Aquí es donde Teseo cumple su función dramática, en su reconocimiento del error que cometió al condenar a su propio hijo sin una audiencia justa. De hecho, los crímenes de Teseo son los más graves de todos. Mientras que el crimen de Fedra fue simplemente un amor ilícito que intentó en vano resistirse a actuar, Teseo no sólo no supo moderar su pasión vengativa, sino que además utilizó el último deseo que le concedió Poseidón contra su propio hijo. Son las acciones de Teseo las que llevan el drama a su mayor estado de tensión, que luego se libera en la resolución. Le vemos actuar con saña los errores de los que sabemos que se arrepentirá, y luego enfrentarse trágicamente a la verdad de sus errores. Con la ayuda de Artemisa, él e Hipólito se reconcilian antes de la muerte de Hipólito, e Hipólito asciende al estatus de héroe de culto.

Así, somos introducidos en la tragedia a través de nuestra simpatía hacia Fedra, somos llevados a su clímax a través de una inversión en el destino de Hipólito, y luego somos capaces de tener un sentimiento de resolución en el reconocimiento de Teseo de su error de juicio. Todo esto ocurre como telón de fondo de una representación literal, y por tanto irónica, de cómo Hipólito llegó a ser venerado como una figura de culto.

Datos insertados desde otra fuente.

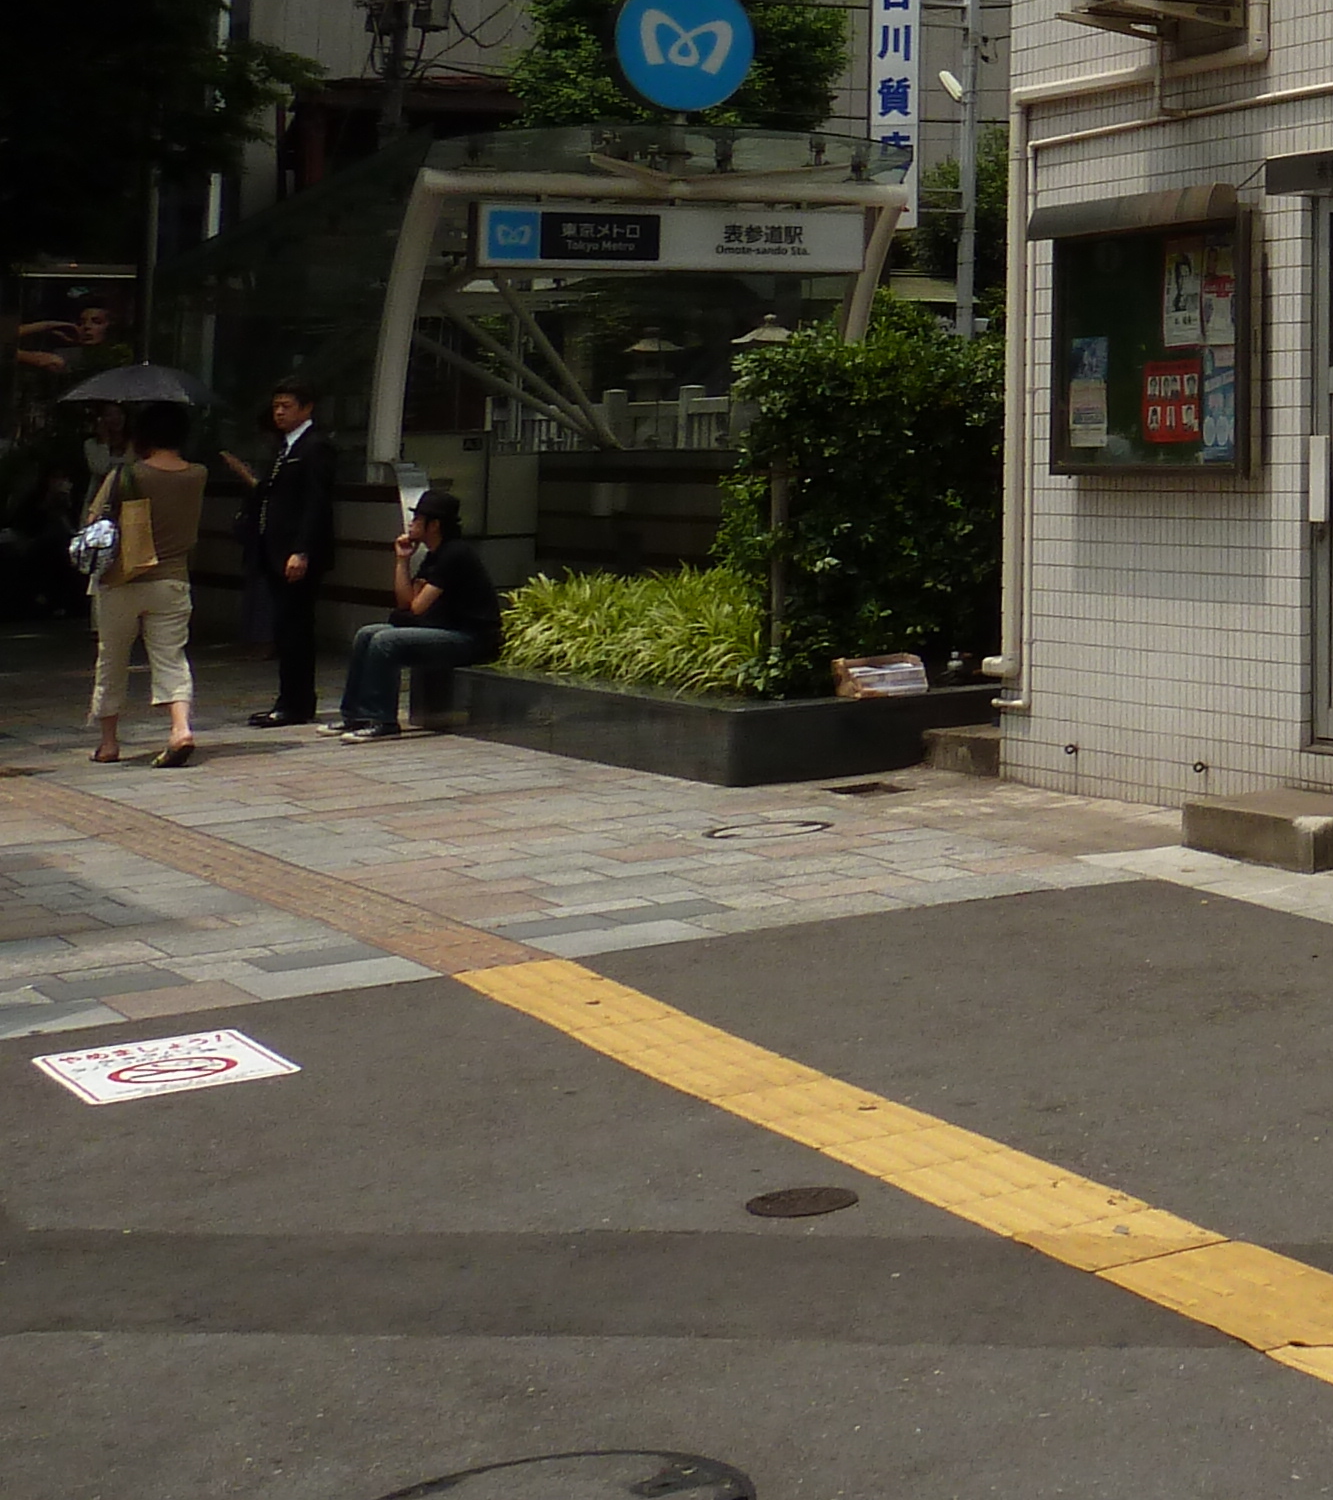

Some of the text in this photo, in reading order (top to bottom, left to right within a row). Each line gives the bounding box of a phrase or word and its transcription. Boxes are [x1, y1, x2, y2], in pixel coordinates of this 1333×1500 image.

En términos puramente dramáticos, la Fedra de Séneca no tiene nada parecido a la resonancia del Hipólito de Eurípides. Algunos estudiosos sostienen que es injusto medir a Séneca exclusivamente con un criterio de literatura dramática, ya que fue ante todo un filósofo y un retórico. Por lo tanto, no hay que suponer que su principal objetivo al escribir obras de teatro fuera dramático. Asimismo, se cree que las obras de Séneca no fueron escritas para ser representadas en el escenario, sino más bien para ser leídas o recitadas individualmente por un solo orador, en vista de lo cual debe excusarse gran parte de la torpeza de los diálogos y de la caracterización.

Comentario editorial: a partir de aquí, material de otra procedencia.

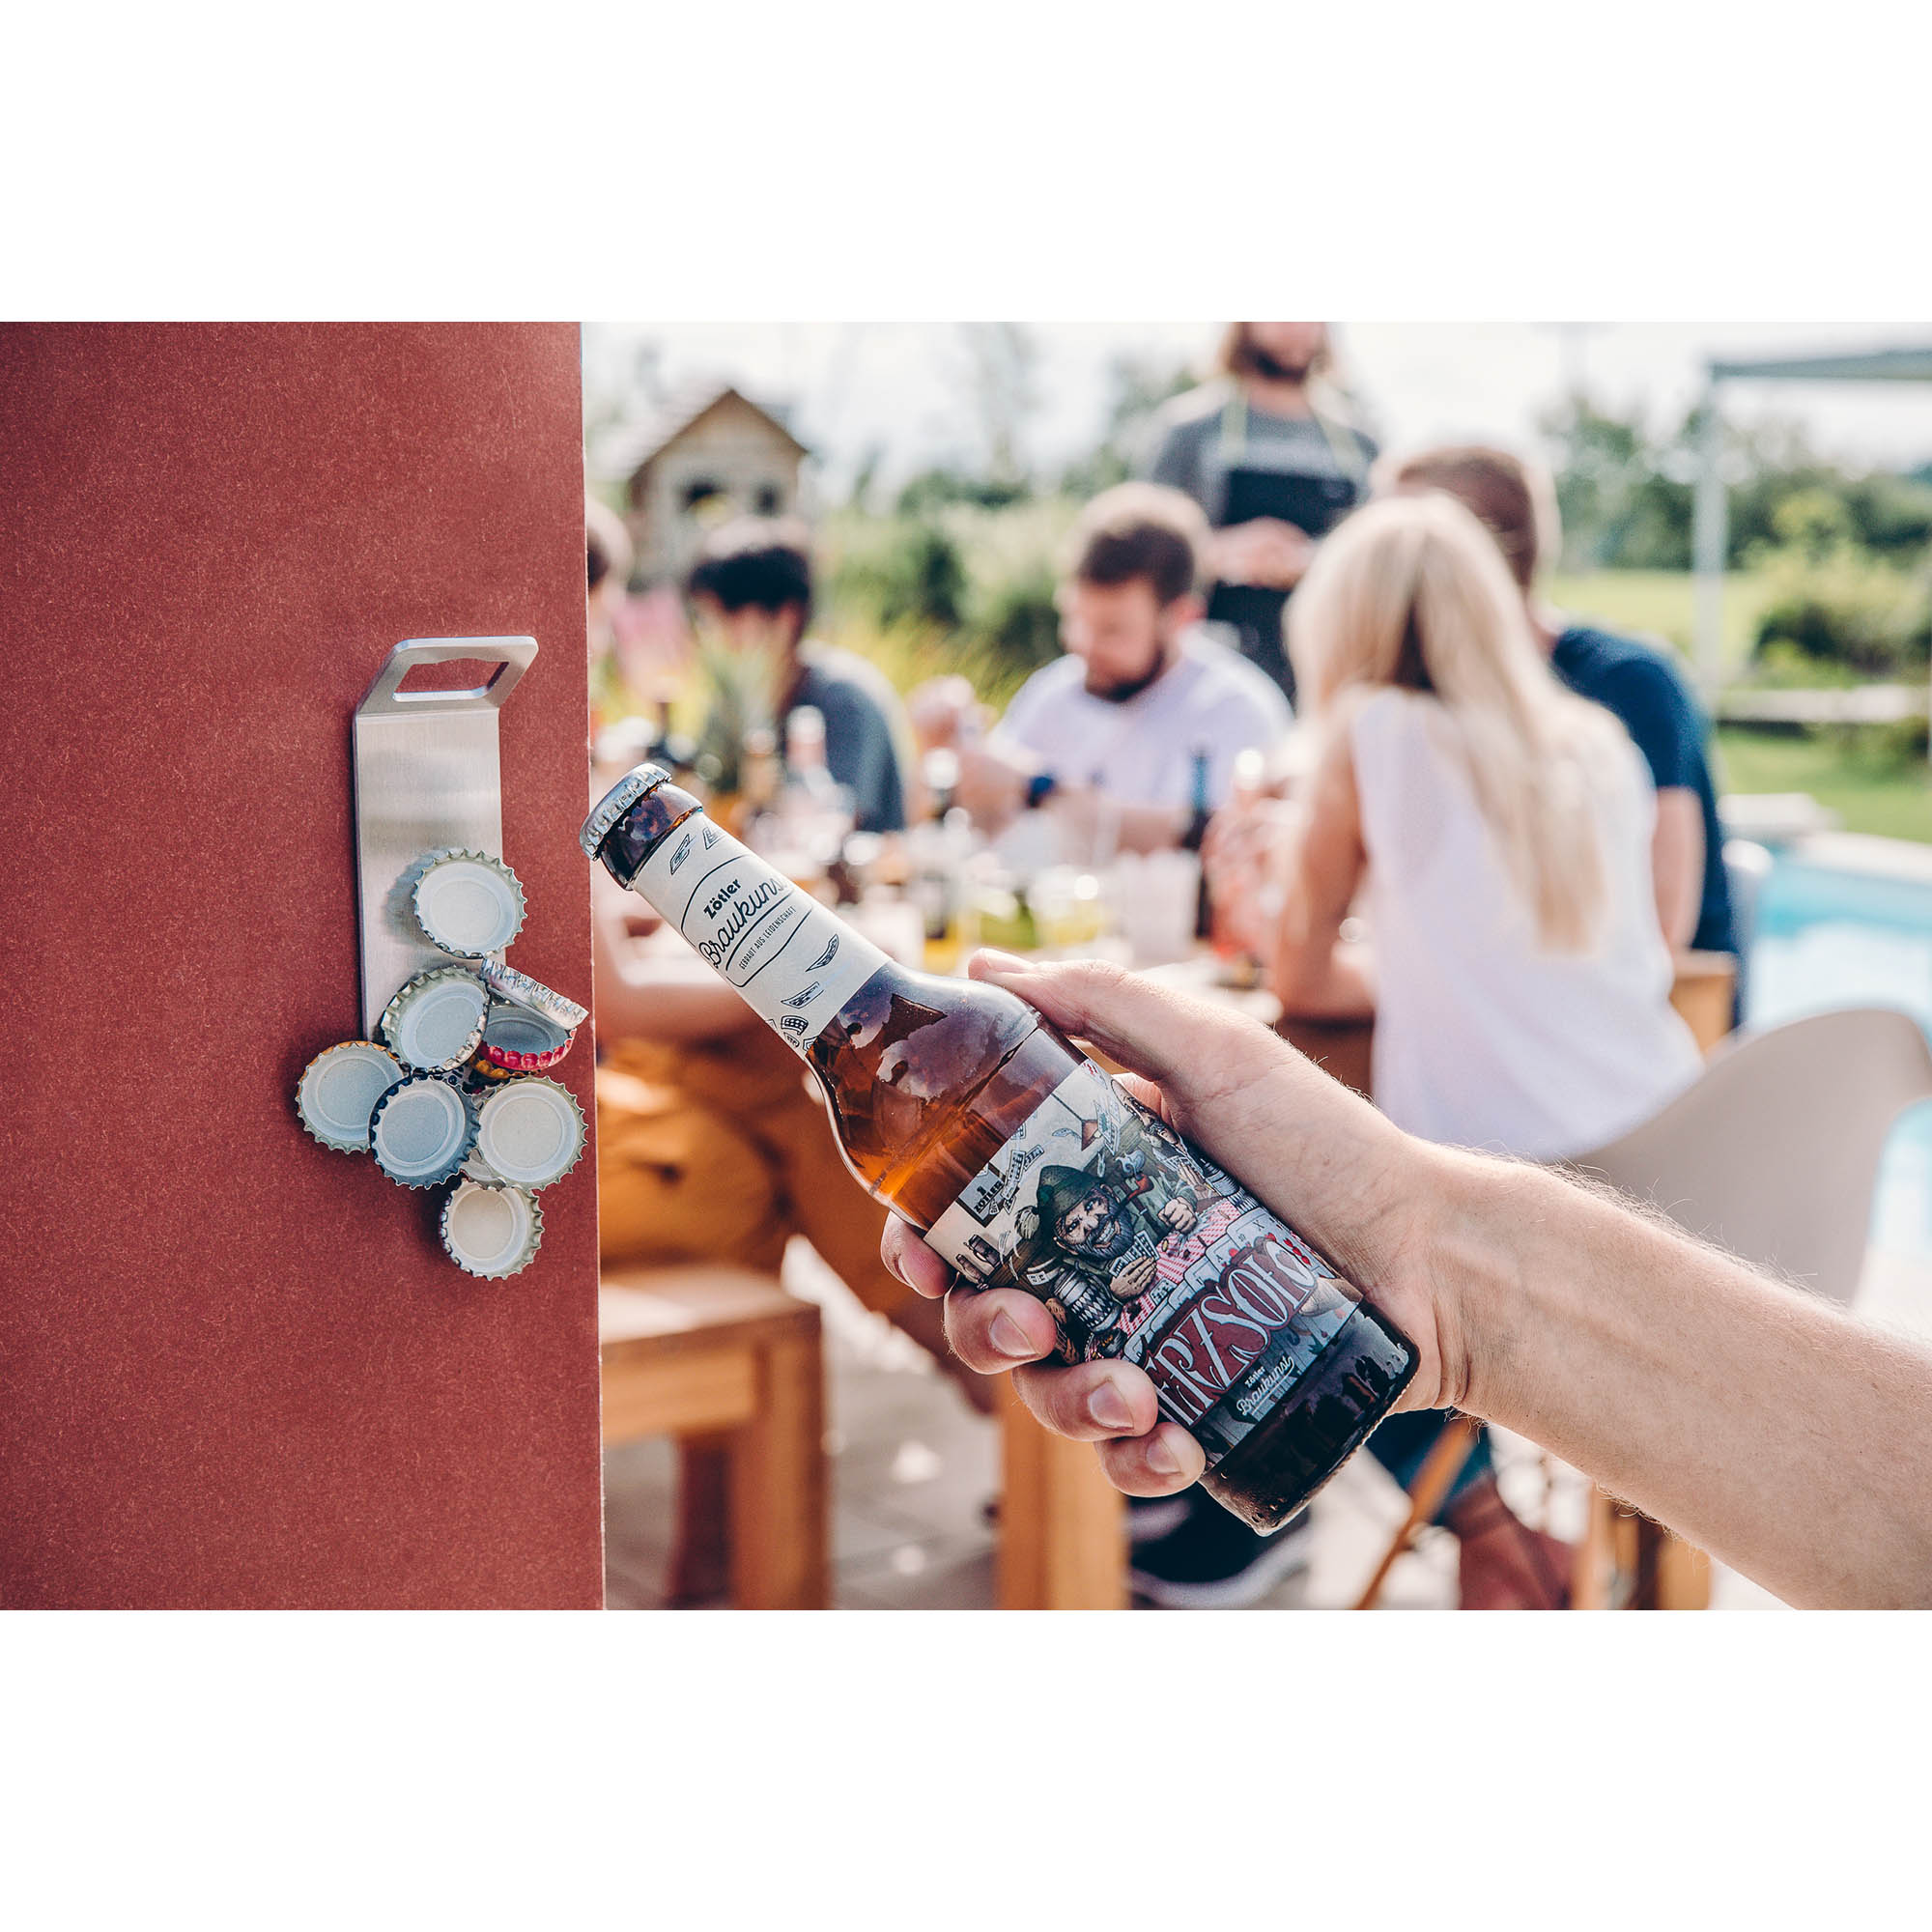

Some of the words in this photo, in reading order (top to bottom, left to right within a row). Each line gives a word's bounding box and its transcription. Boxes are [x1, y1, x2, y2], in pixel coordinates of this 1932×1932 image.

[698, 878, 787, 969] Braukuns
[703, 878, 741, 920] Zötler
[738, 947, 757, 970] GEBRAUT
[753, 936, 766, 950] AUS
[762, 906, 797, 939] LEIDENSCHAFT
[1145, 1240, 1317, 1426] ERZSOLO
[1236, 1355, 1294, 1416] Braukunst

No obstante, las tragedias de Séneca fueron tomadas muy en serio como obras dramáticas por las generaciones posteriores de dramaturgos, sobre todo por los isabelinos en Inglaterra, pero también por los italianos y los franceses. La cultura europea del Renacimiento, que había subsistido con una dieta de obras de moral medievales durante más de un milenio, estaba desesperada por obtener otro punto de vista. No es difícil imaginar que la mentalidad renacentista podía asimilar más fácilmente las líneas argumentales griegas, ofreciendo una nobleza trágica más grande que la vida, filtrada a través del estoicismo de Séneca, que se asemeja a una moral cristiana. Sin embargo, la cuestión sigue siendo qué lecciones pudieron extraer los dramaturgos renacentistas de Séneca sobre la naturaleza del drama.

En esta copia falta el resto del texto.